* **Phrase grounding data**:
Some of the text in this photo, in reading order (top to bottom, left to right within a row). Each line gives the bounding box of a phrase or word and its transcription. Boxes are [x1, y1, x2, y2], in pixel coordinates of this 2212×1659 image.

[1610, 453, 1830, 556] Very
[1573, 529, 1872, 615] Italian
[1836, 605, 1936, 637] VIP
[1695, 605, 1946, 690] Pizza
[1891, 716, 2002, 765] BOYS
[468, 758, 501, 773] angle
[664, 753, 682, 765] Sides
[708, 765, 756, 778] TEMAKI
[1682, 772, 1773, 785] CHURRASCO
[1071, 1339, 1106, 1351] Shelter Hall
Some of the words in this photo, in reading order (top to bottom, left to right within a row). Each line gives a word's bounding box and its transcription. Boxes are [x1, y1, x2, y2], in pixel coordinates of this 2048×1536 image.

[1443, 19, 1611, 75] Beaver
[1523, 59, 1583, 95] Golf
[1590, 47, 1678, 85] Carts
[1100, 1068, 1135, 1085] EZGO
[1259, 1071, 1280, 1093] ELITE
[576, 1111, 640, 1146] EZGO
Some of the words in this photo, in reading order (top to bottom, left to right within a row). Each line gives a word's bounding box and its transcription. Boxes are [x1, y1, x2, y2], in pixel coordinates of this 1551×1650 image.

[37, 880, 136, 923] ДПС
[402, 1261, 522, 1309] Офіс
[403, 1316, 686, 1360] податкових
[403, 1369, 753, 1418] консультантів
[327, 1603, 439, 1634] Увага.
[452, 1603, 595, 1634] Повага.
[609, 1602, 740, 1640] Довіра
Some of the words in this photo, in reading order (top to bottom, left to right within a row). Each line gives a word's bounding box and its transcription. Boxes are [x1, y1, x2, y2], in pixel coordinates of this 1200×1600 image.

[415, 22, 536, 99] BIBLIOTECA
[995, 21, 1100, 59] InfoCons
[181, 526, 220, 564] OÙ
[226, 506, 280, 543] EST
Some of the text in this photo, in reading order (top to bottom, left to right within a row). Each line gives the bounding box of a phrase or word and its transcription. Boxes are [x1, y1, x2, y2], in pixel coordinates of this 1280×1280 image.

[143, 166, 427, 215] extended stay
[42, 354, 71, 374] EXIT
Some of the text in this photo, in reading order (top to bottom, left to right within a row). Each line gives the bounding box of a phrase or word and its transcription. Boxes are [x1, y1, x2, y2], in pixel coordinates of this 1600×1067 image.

* **What the task requires**:
Using the data above, output each line exactly.

* **Result of this task**:
Some of the text in this photo, in reading order (top to bottom, left to right within a row). Each line gives the bounding box of a phrase or word and its transcription. Boxes are [x1, y1, x2, y2], in pixel coordinates of this 2212×1659 image.

[1610, 453, 1830, 556] Very
[1573, 529, 1872, 615] Italian
[1836, 605, 1936, 637] VIP
[1695, 605, 1946, 690] Pizza
[1891, 716, 2002, 765] BOYS
[468, 758, 501, 773] angle
[664, 753, 682, 765] Sides
[708, 765, 756, 778] TEMAKI
[1682, 772, 1773, 785] CHURRASCO
[1071, 1339, 1106, 1351] Shelter Hall
Some of the words in this photo, in reading order (top to bottom, left to right within a row). Each line gives a word's bounding box and its transcription. Boxes are [x1, y1, x2, y2], in pixel coordinates of this 2048×1536 image.

[1443, 19, 1611, 75] Beaver
[1523, 59, 1583, 95] Golf
[1590, 47, 1678, 85] Carts
[1100, 1068, 1135, 1085] EZGO
[1259, 1071, 1280, 1093] ELITE
[576, 1111, 640, 1146] EZGO
Some of the words in this photo, in reading order (top to bottom, left to right within a row). Each line gives a word's bounding box and its transcription. Boxes are [x1, y1, x2, y2], in pixel coordinates of this 1551×1650 image.

[37, 880, 136, 923] ДПС
[402, 1261, 522, 1309] Офіс
[403, 1316, 686, 1360] податкових
[403, 1369, 753, 1418] консультантів
[327, 1603, 439, 1634] Увага.
[452, 1603, 595, 1634] Повага.
[609, 1602, 740, 1640] Довіра
Some of the words in this photo, in reading order (top to bottom, left to right within a row). Each line gives a word's bounding box and its transcription. Boxes are [x1, y1, x2, y2], in pixel coordinates of this 1200×1600 image.

[415, 22, 536, 99] BIBLIOTECA
[995, 21, 1100, 59] InfoCons
[181, 526, 220, 564] OÙ
[226, 506, 280, 543] EST
Some of the text in this photo, in reading order (top to bottom, left to right within a row). Each line gives the bounding box of a phrase or word and its transcription. Boxes are [x1, y1, x2, y2], in pixel coordinates of this 1280×1280 image.

[143, 166, 427, 215] extended stay
[42, 354, 71, 374] EXIT
Some of the text in this photo, in reading order (top to bottom, left to right within a row). Each line gives the bounding box of a phrase or word and its transcription. Boxes are [x1, y1, x2, y2], in pixel coordinates of this 1600×1067 image.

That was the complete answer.